When I was working as Manager of the Australian Newspapers Digitisation Program I led the development of two pieces of software: the Digital Newspaper Content Management System and the Australian Newspapers Delivery Service. Quite early in the process of developing the public delivery system concerns were raised by the National, State and Territory Libraries of the poor quality of the newspaper OCR text, which negatively effected public searching. In a team brainstorming session we came up with the idea of opening up the OCR text for public correction and improvement.  We developed our own software to do this. Because we knew that what we were doing was quite groundbreaking at the time, may be very useful for other archives and libraries, and no ‘off the shelf’ software existed to do this, we made a decision to share the code as open-source. The code was developed by Kent Fitch Director of Project Computing: System Architect for the National Library of Australia, ably assisted by Ninh Nguyen, programmer at the National Library of Australia.  They created a fantastic service for Australians. The public interface for delivery of newspapers and text correction was designed, developed and tested on real users in a matter of weeks by Alexi Paschalidis Creative Director of Oxide Interactive .

Over the course of the next two years I had approaches from about 20 National Libraries from around the world asking if they could have the code.  Although we said yes every time, I was disappointed that to the best of my knowledge no library actually implemented public text correction by using or adapting our open source software as we had hoped. This mainly seemed to be because libraries other than us were still very unsure about “allowing” user edits, crowdsourcing, public interaction - whatever you want to call it.  Giving user’s freedom over data, rather than retaining tight control seemed to be a daunting prospect for libraries and a step they didn’t want to take. Several commented they would like a bit more time to observe whether our user activity was a ‘fad’ before committing to doing the same.  For this reason only three libraries as far as we were aware even got to the stage of having their IT support download the open source code from the National Library of Australia’s ‘LibraryForge’ website. True it would have been quite difficult for a library to implement and adapt our code to hook into a content management system, but this did not seem to be the reason for the low uptake.  We never shared the code on the newspaper content management system because our philosophy was to only share code once the product was in a ready state and usable, and the content management system was under constant development for three years. Now after four years the National Library of Australia has decided to remove the open-source code for Australian Newspapers from its download site.
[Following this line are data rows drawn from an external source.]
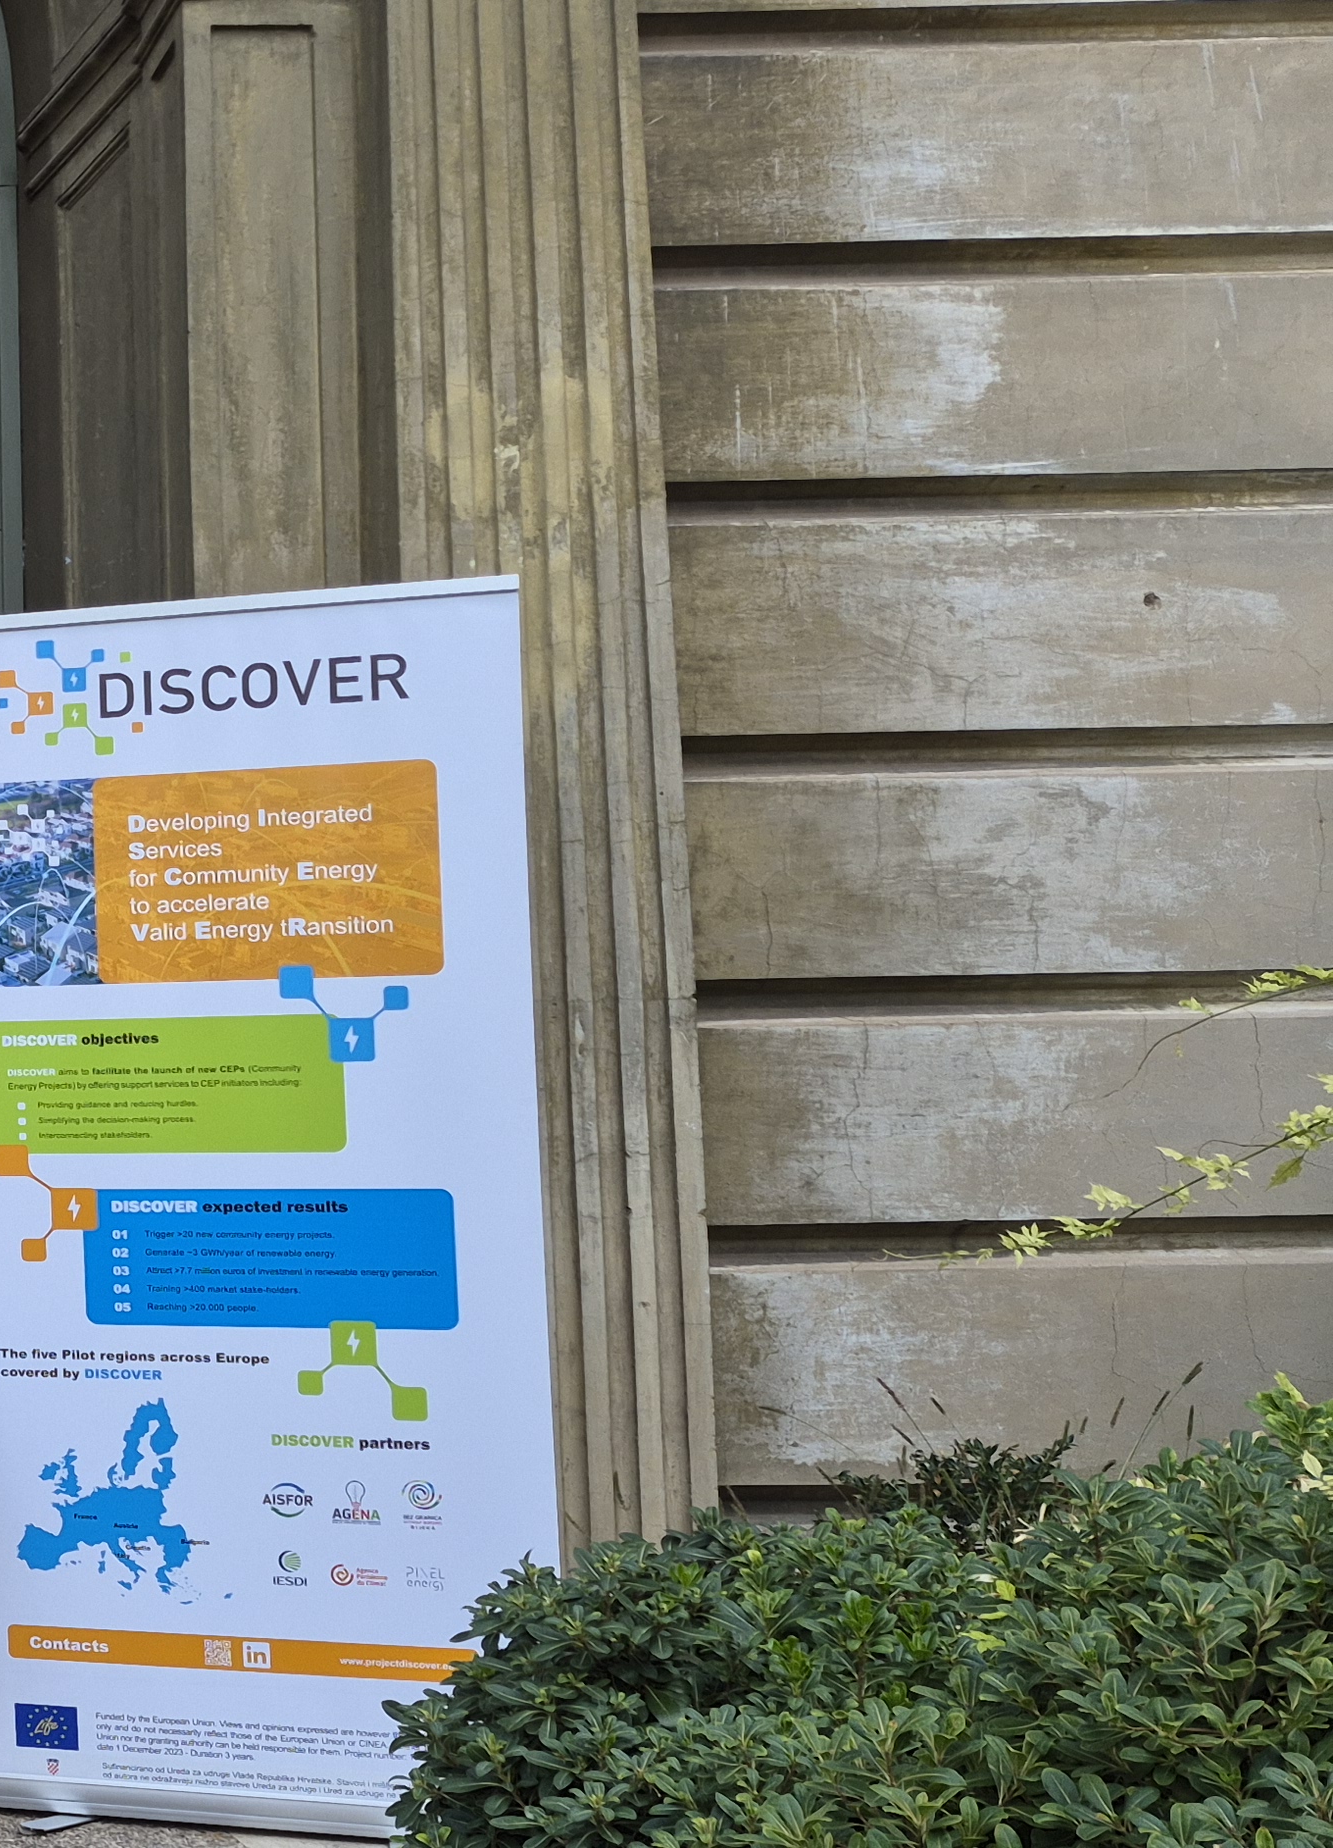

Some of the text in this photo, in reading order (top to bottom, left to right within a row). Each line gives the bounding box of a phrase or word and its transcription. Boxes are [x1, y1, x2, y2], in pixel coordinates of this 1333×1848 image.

[99, 653, 410, 719] DISCOVER
[127, 803, 372, 833] Developing Integrated
[128, 840, 222, 860] Services
[129, 861, 377, 887] for Community Energy
[130, 893, 269, 914] to accelerate
[131, 916, 394, 943] Valid Energy tRansition
[1, 1033, 159, 1047] DISCOVER objectives
[7, 1068, 56, 1077] DISCOVER
[58, 1068, 78, 1076] aims
[81, 1068, 89, 1076] to
[92, 1067, 131, 1075] facilitate
[134, 1067, 148, 1075] the
[151, 1066, 182, 1074] launch
[185, 1066, 195, 1074] of
[219, 1065, 245, 1073] CEPs
[7, 1082, 37, 1091] Energy
[38, 1082, 75, 1091] Projects)
[77, 1081, 86, 1090] by
[88, 1081, 119, 1090] offering
[121, 1081, 153, 1090] support
[37, 1101, 73, 1110] Providing
[76, 1101, 110, 1109] guidance
[130, 1100, 164, 1109] reducing
[38, 1116, 80, 1125] Simplifying
[82, 1116, 95, 1124] the
[97, 1116, 160, 1124] decision-making
[111, 1200, 348, 1215] DISCOVER expected results
[111, 1229, 128, 1240] 01
[145, 1230, 174, 1239] Trigger
[216, 1231, 261, 1240] community
[265, 1232, 294, 1240] energy
[297, 1231, 335, 1240] projects.
[111, 1248, 129, 1258] 02
[145, 1248, 184, 1256] Generate
[201, 1249, 243, 1258] GWh/year
[246, 1249, 255, 1257] of
[257, 1249, 302, 1257] renewable
[305, 1251, 337, 1259] energy.
[113, 1266, 130, 1276] 03
[195, 1267, 220, 1275] million
[360, 1270, 390, 1278] energy
[113, 1284, 131, 1294] 04
[146, 1285, 181, 1294] Training
[114, 1302, 131, 1312] 05
[147, 1303, 187, 1312] Reaching
[227, 1305, 259, 1313] people.
[0, 1348, 270, 1367] The five Pilot regions across Europe
[0, 1367, 162, 1381] covered by DISCOVER
[271, 1434, 431, 1451] DISCOVER partners
[262, 1494, 313, 1507] AISFOR
[332, 1508, 381, 1520] AGENA
[272, 1576, 308, 1586] IESDI
[29, 1636, 109, 1654] Contacts
[246, 1645, 267, 1664] in
[95, 1712, 124, 1721] Funded
[127, 1714, 136, 1723] by
[152, 1716, 190, 1726] European
[297, 1726, 338, 1736] expressed
[356, 1730, 391, 1738] however
[96, 1723, 112, 1731] only
[114, 1724, 128, 1732] and
[230, 1732, 252, 1740] those
[280, 1735, 319, 1745] European
[321, 1738, 345, 1746] Union
[96, 1733, 118, 1741] Union
[135, 1735, 146, 1743] the
[148, 1737, 179, 1747] granting
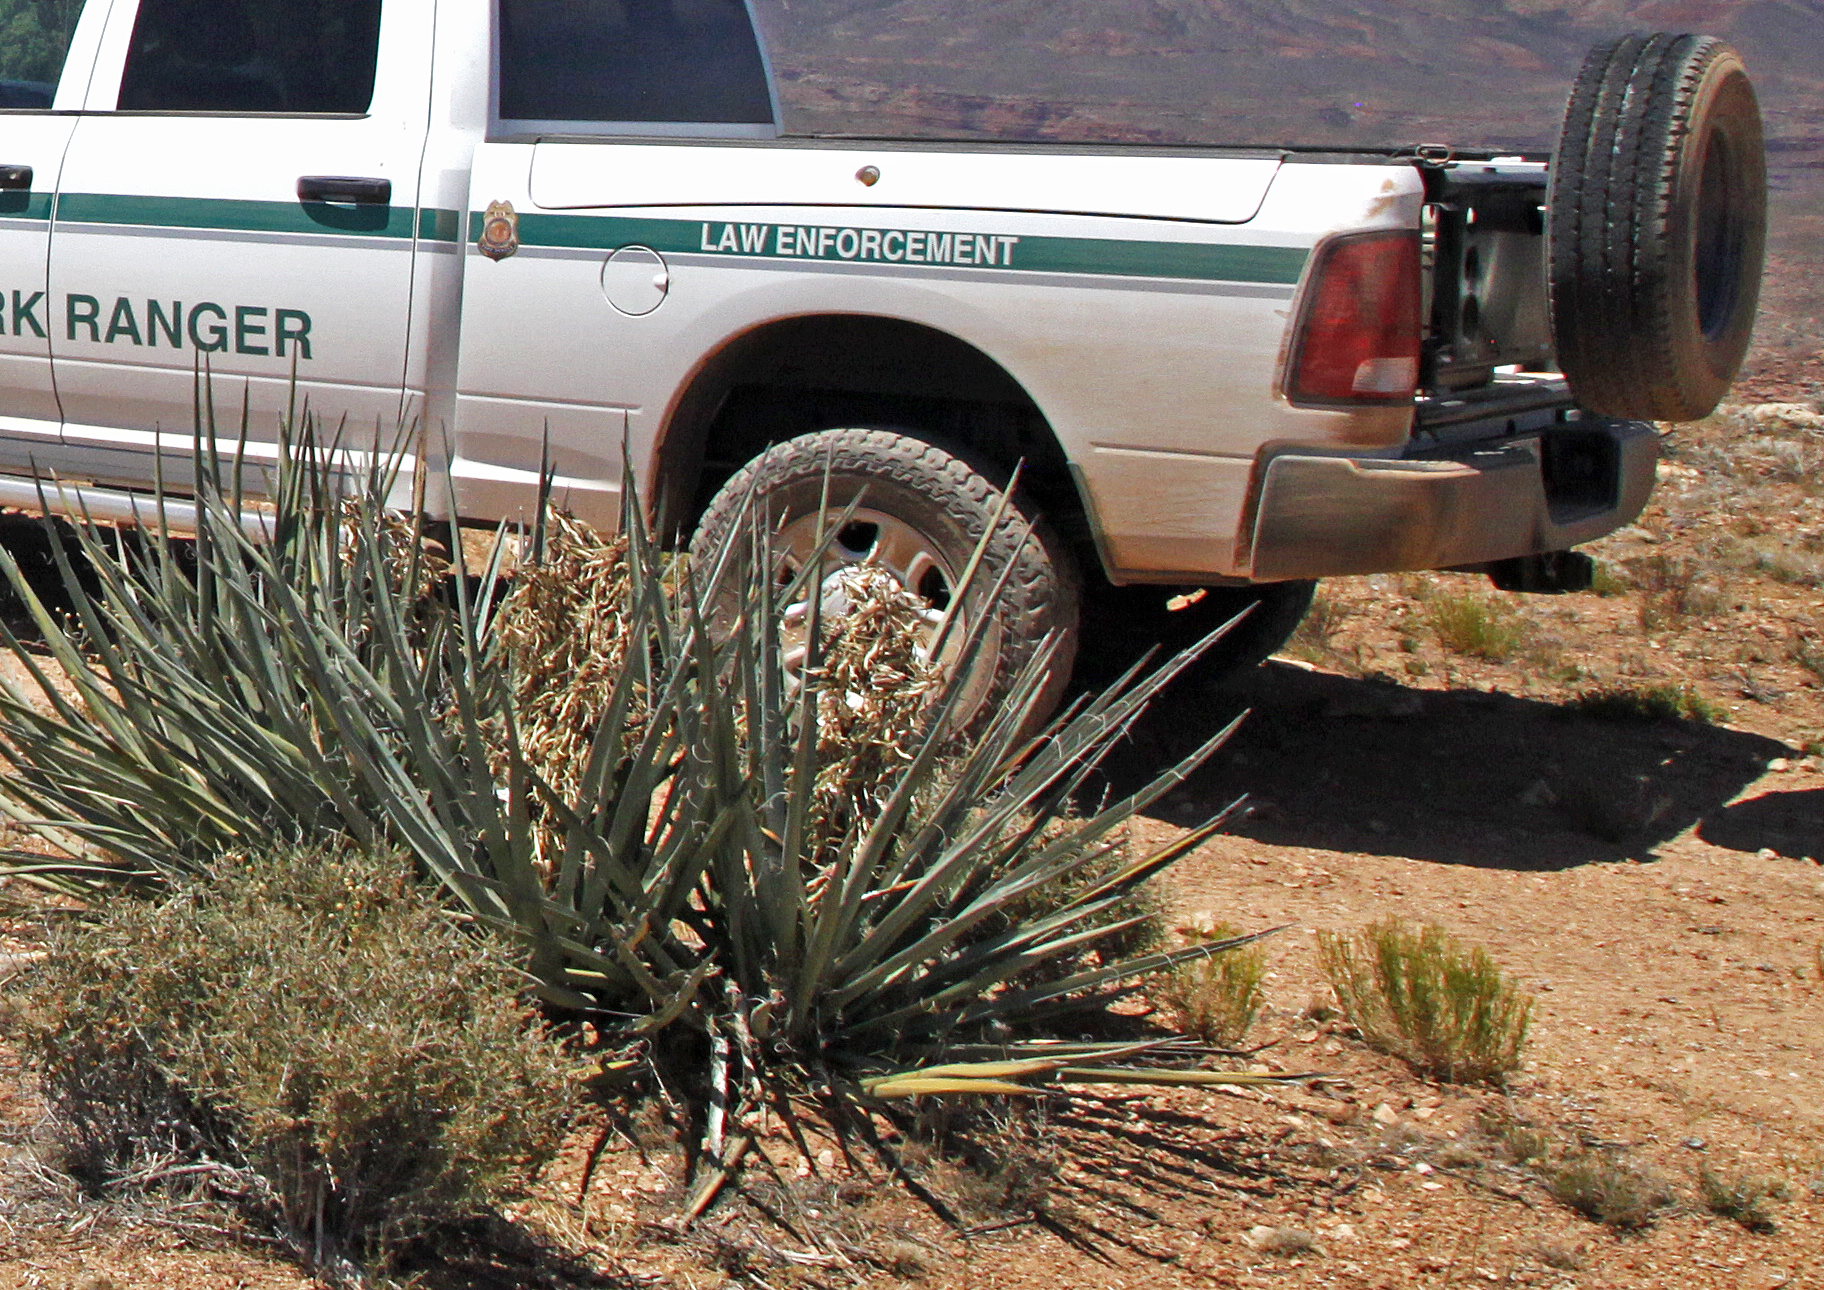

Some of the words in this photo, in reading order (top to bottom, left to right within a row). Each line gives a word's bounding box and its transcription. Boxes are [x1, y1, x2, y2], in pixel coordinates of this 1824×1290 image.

[700, 223, 768, 253] LAW
[775, 225, 1020, 265] ENFORCEMENT
[66, 293, 313, 360] RANGER
However all is not lost for libraries wanting to have software for text correction or to deliver newspapers and journals, since I was recently alerted to the fact that a New Zealand company had developed software to replicate the text correction functionality of Australian Newspapers.  DL Consulting are selling a product called Veridian, which has already been installed by some US libraries.  The company has a background in newspaper software development having been involved in a very early open source digital product called ‘Greenstone’ which was used to deliver Maori Newspapers from the University of Waikato back in 2002.  I remember the service well from my time working at the University of Auckland.  The digital full-text search access was groundbreaking for the Maori, history and research community.

Kent Fitch has continued to work for the National Library of Australia on system architecture and went on to lead development of Trove and integrate the Newspapers service into it. Kent has worked as a programmer for over 30 years. Since 1982 he has been a principal of the Canberra software development company, Project Computing Pty Ltd. Kent has developed many commercial systems and communications packages and custom software for many clients. In the past ten years, his work has focused on library-related systems including AustLit, NLA Newspapers Digitisation, and Trove.

Last week Kent gave a presentation to the Australian Computer Society called ‘Scaling up: the technology behind the NLA's newspaper digitisation andthe Trove search service.’ where he describes in more detail some of the technical aspects.

Tuesday, 13 December 2011

From little things big things grow – gold star to newspaper text correctors for e-books!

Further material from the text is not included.